■ **REQUIRED ACTION**
Exact reproduction of every record is required, and pictures are to be excluded.

----------------------------------------

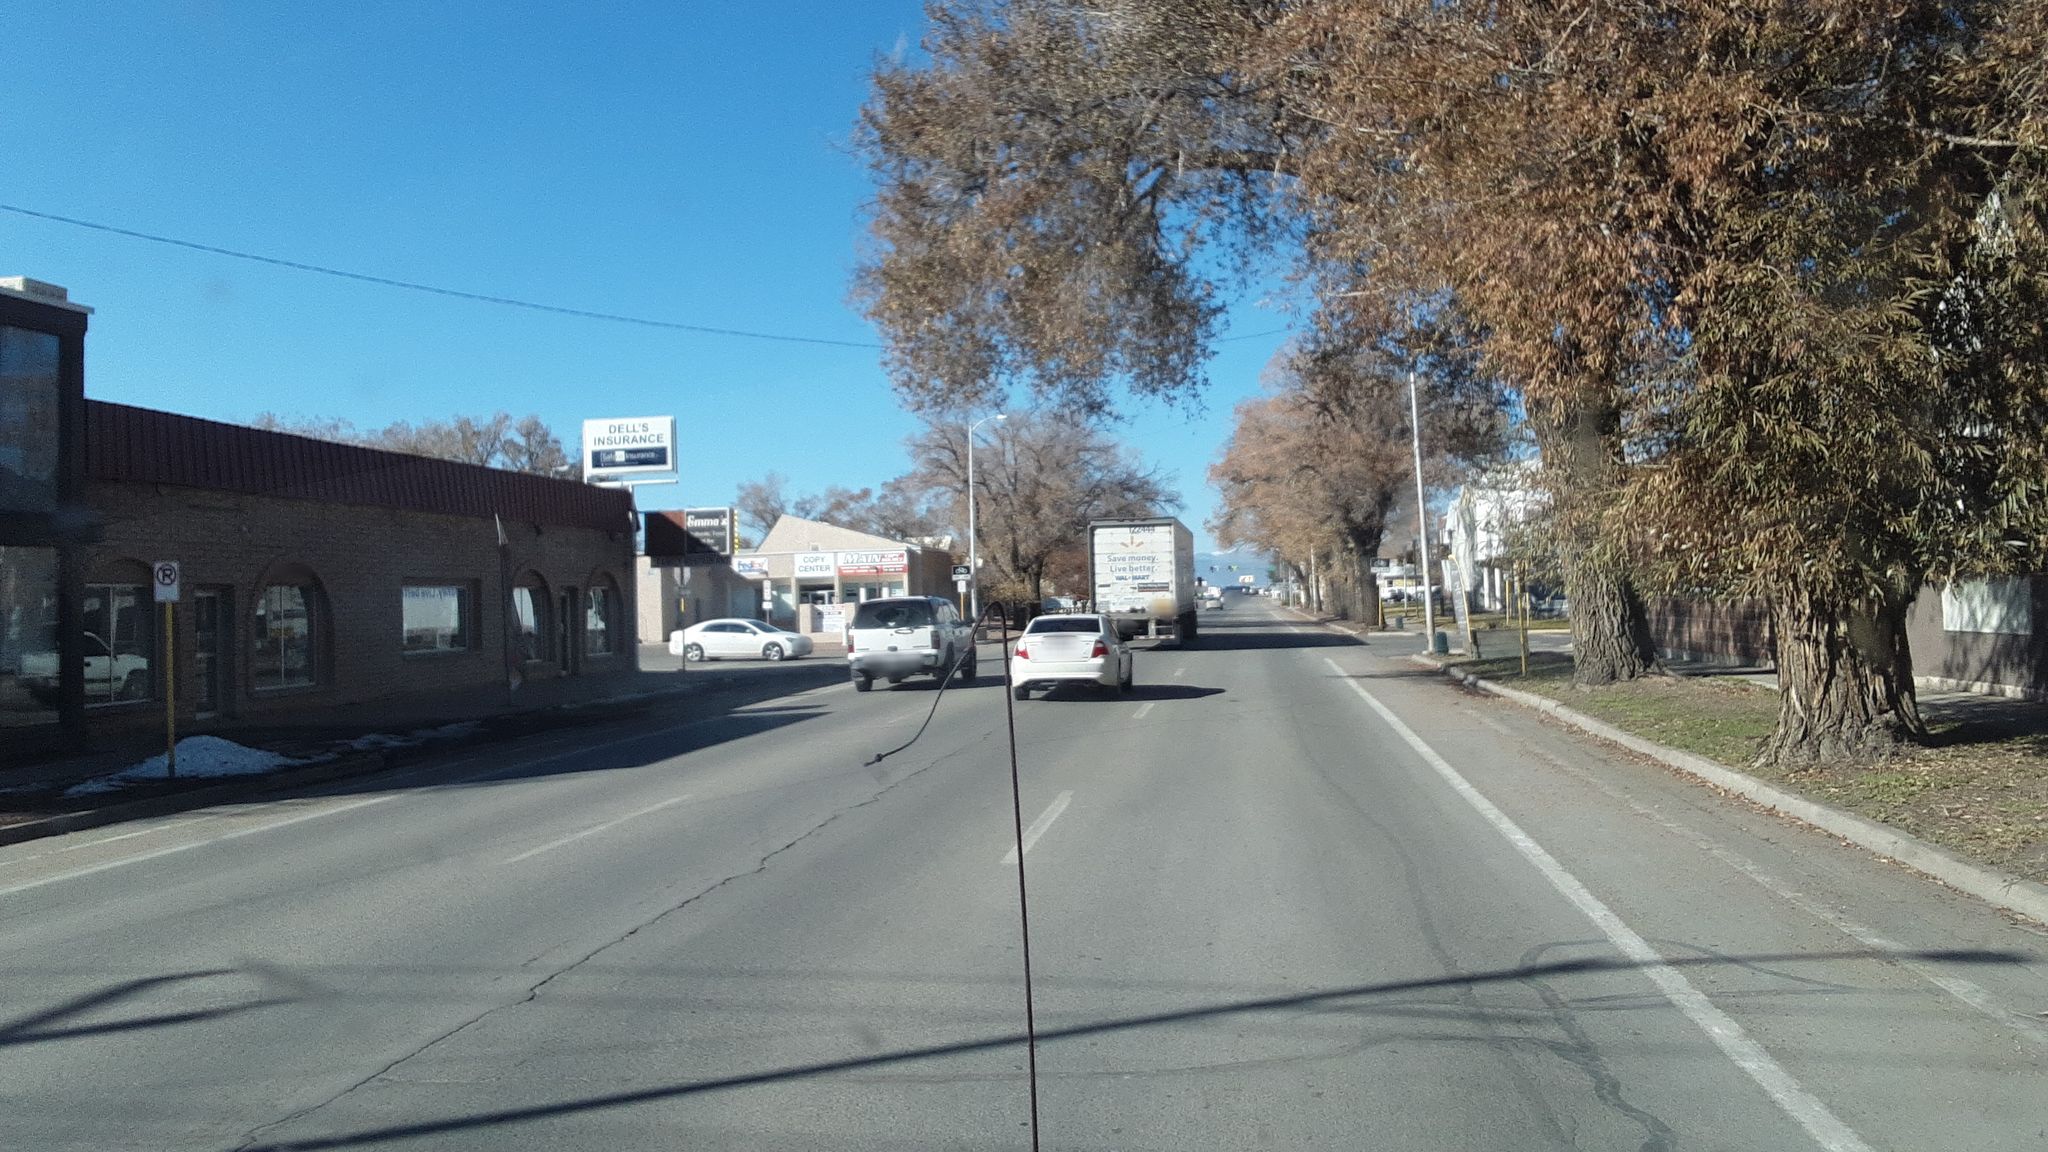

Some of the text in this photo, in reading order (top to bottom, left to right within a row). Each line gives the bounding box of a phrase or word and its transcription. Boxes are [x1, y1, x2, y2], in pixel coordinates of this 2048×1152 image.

[608, 423, 649, 434] DELL'S
[593, 433, 665, 446] INSURANCE
[1128, 554, 1159, 564] money.
[798, 564, 831, 572] CENTER
[1110, 565, 1127, 573] Live
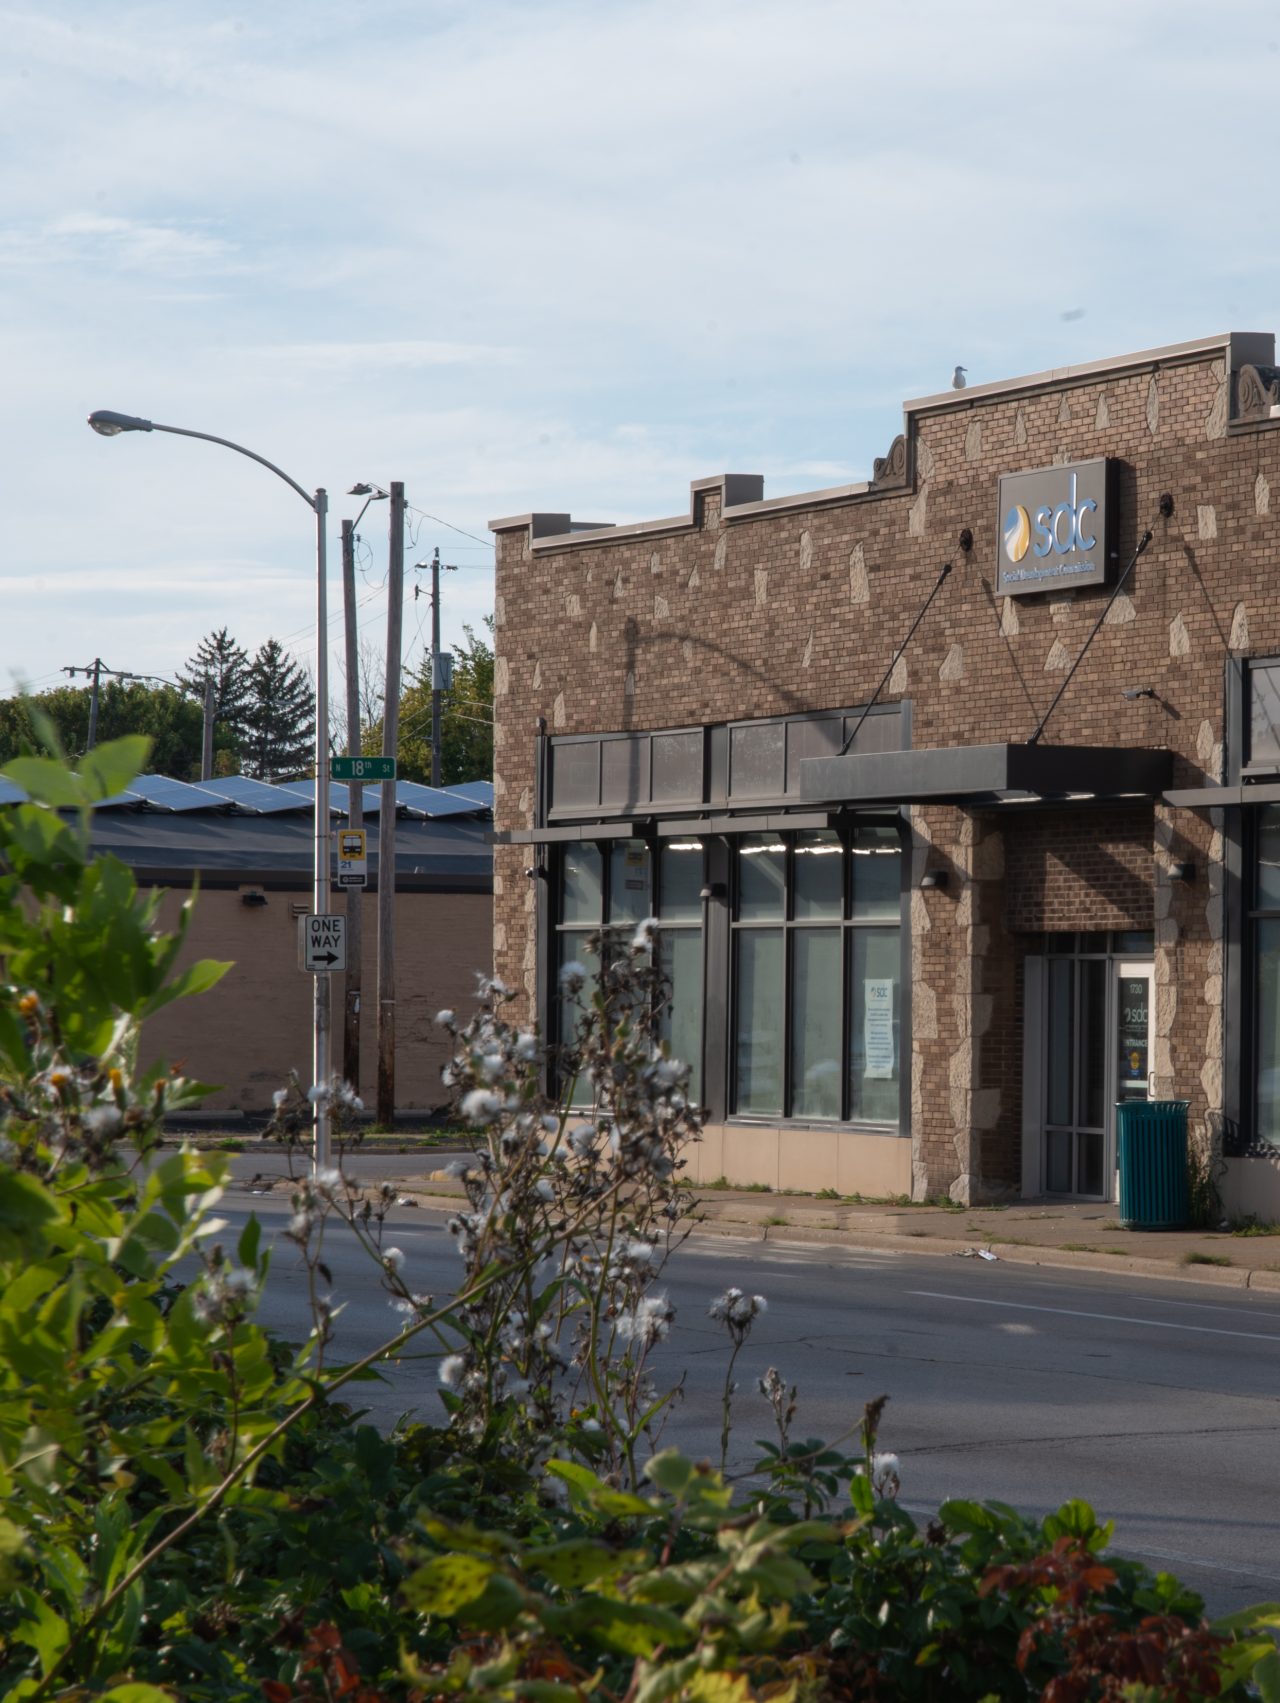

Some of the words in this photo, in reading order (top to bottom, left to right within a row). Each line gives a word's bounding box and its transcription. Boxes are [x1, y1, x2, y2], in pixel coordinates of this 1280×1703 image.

[1032, 472, 1097, 558] sdc
[335, 763, 341, 772] N
[351, 760, 372, 776] 18th
[382, 763, 391, 773] St
[311, 919, 341, 932] ONE
[311, 935, 341, 948] WAY
[1124, 1038, 1148, 1048] NTRANCE
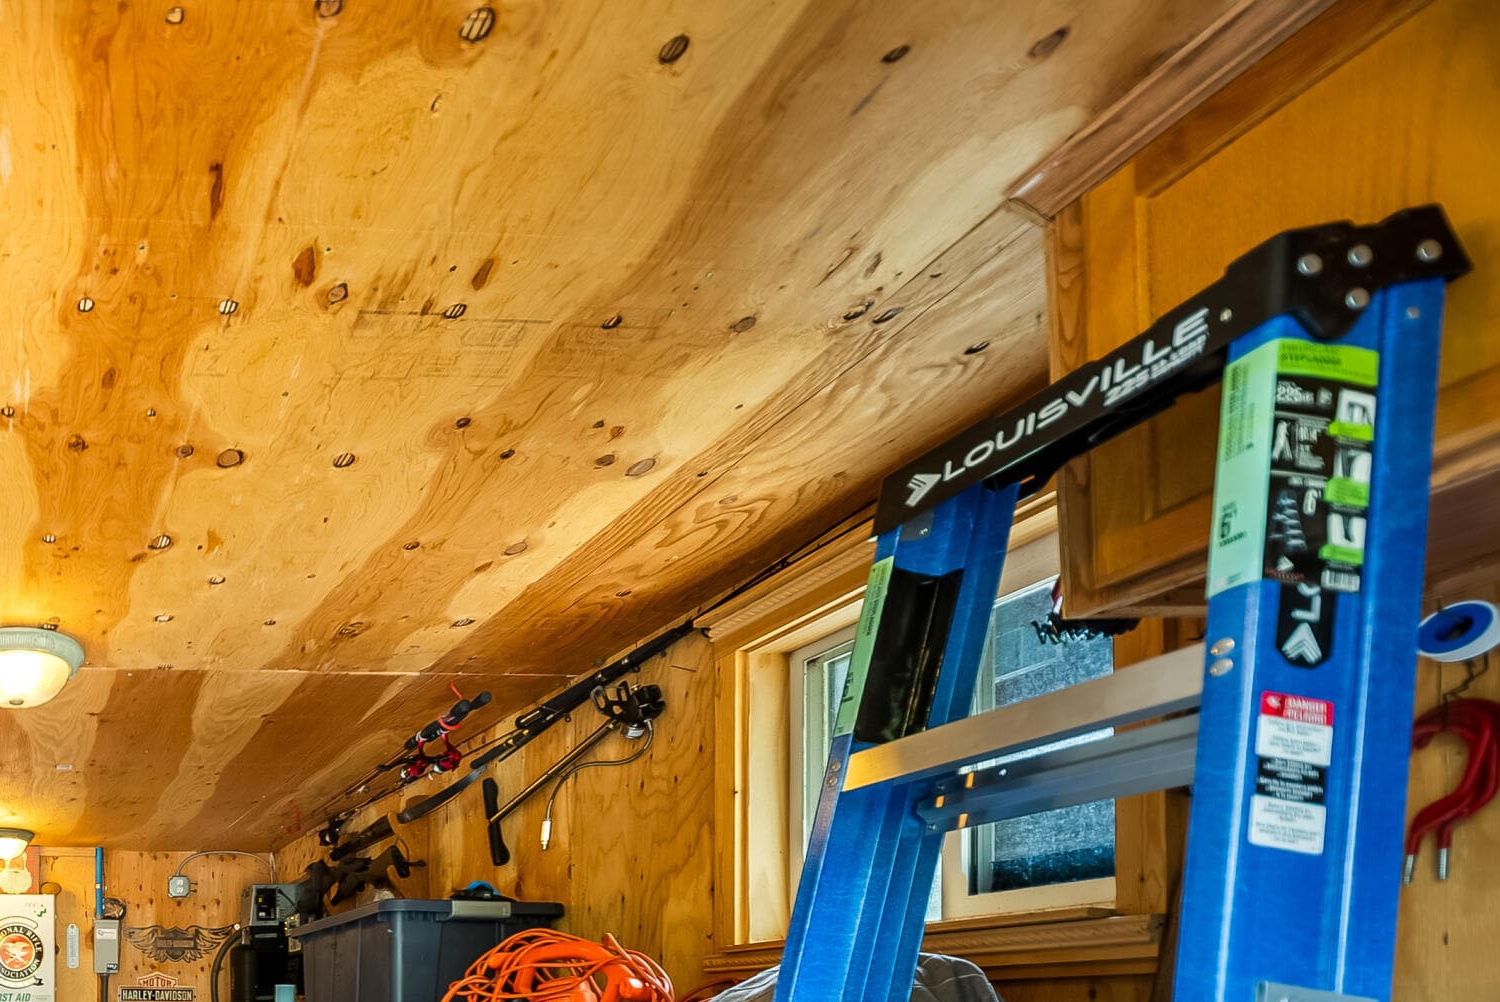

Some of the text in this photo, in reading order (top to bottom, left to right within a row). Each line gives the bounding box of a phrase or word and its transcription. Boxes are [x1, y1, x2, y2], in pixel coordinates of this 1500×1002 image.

----------------------------------------

■ **EXPECTED ANSWER**
Some of the text in this photo, in reading order (top to bottom, left to right within a row). Each line gives the bounding box of a phrase or word and its transcription. Boxes are [x1, y1, x2, y2], in pixel coordinates of this 2048×1152 image.

[608, 423, 649, 434] DELL'S
[593, 433, 665, 446] INSURANCE
[1128, 554, 1159, 564] money.
[798, 564, 831, 572] CENTER
[1110, 565, 1127, 573] Live

Some of the words in this photo, in reading order (top to bottom, left to right within a row). Each line gives a word's bounding box and its transcription. Boxes are [x1, y1, x2, y2], in pixel coordinates of this 1280×1703 image.

[1032, 472, 1097, 558] sdc
[335, 763, 341, 772] N
[351, 760, 372, 776] 18th
[382, 763, 391, 773] St
[311, 919, 341, 932] ONE
[311, 935, 341, 948] WAY
[1124, 1038, 1148, 1048] NTRANCE

Some of the text in this photo, in reading order (top to bottom, left to right within a row). Each line gives the bounding box of a phrase or word and its transcription. Boxes are [x1, y1, x2, y2], in pixel coordinates of this 1500×1002 image.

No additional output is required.